The current picture for Romania is built on the European Respiratory Virus Surveillance Summary (ERVISS), published weekly by the European Centre for Disease Prevention and Control (ECDC). the National Institute of Public Health (INSP) via the ARI sentinel surveillance programme is the national public-health authority that feeds ERVISS with sentinel primary care and virology data.

ECDC ERVISS

ERVISS is ECDC's weekly pan-European surveillance summary for influenza, SARS-CoV-2 and RSV. National authorities — in Romania's case the National Institute of Public Health (INSP) via the ARI sentinel surveillance programme — submit harmonised indicators every week, which ECDC publishes in a standardised dataset on Thursdays. Using ERVISS rather than each country's native portal ensures cross-country comparability.

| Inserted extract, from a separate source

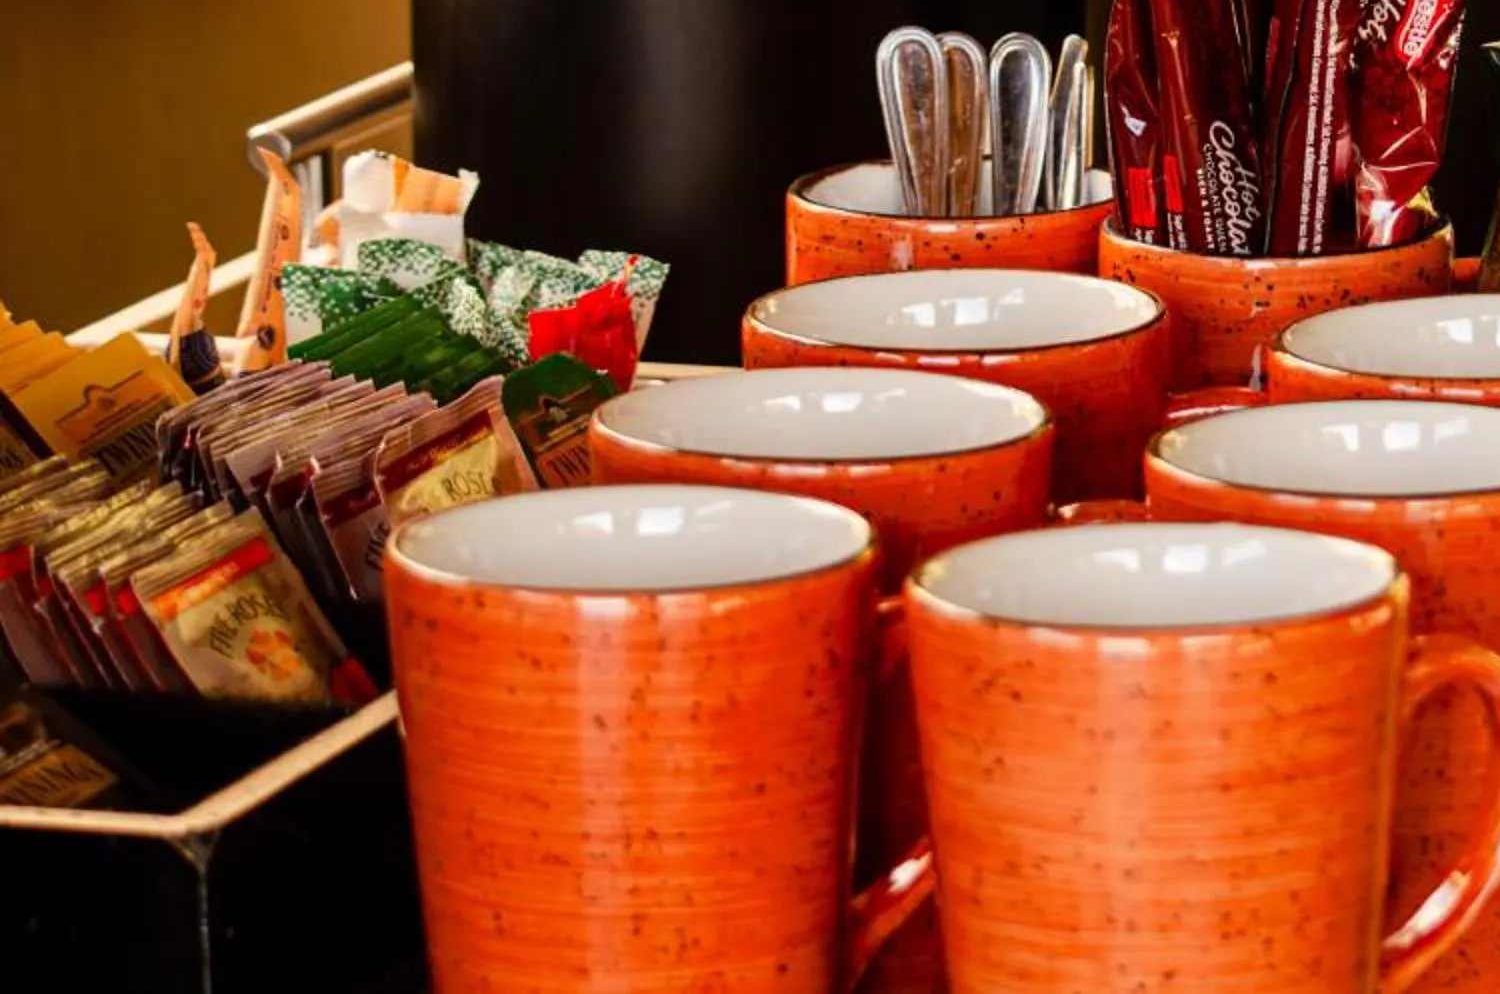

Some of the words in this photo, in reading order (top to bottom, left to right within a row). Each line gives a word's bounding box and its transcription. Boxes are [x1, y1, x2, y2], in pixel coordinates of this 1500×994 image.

ILI / ARI consultation rates and positivity

the National Institute of Public Health (INSP) via the ARI sentinel surveillance programme operates a sentinel network of general practices that report weekly rates of patients consulting for influenza-like illness (ILI) or acute respiratory infection (ARI). A subset of patients is swabbed and tested by reference laboratories, producing pathogen-specific positivity rates for flu, SARS-CoV-2 and RSV.

Why this source

Combining consultation incidence with virological positivity yields a pathogen-specific weekly incidence signal (ILI × positivity / 100). This is the standard European methodology and provides a more robust view than either indicator alone — consultation rates capture illness burden, positivity confirms which pathogen is driving it.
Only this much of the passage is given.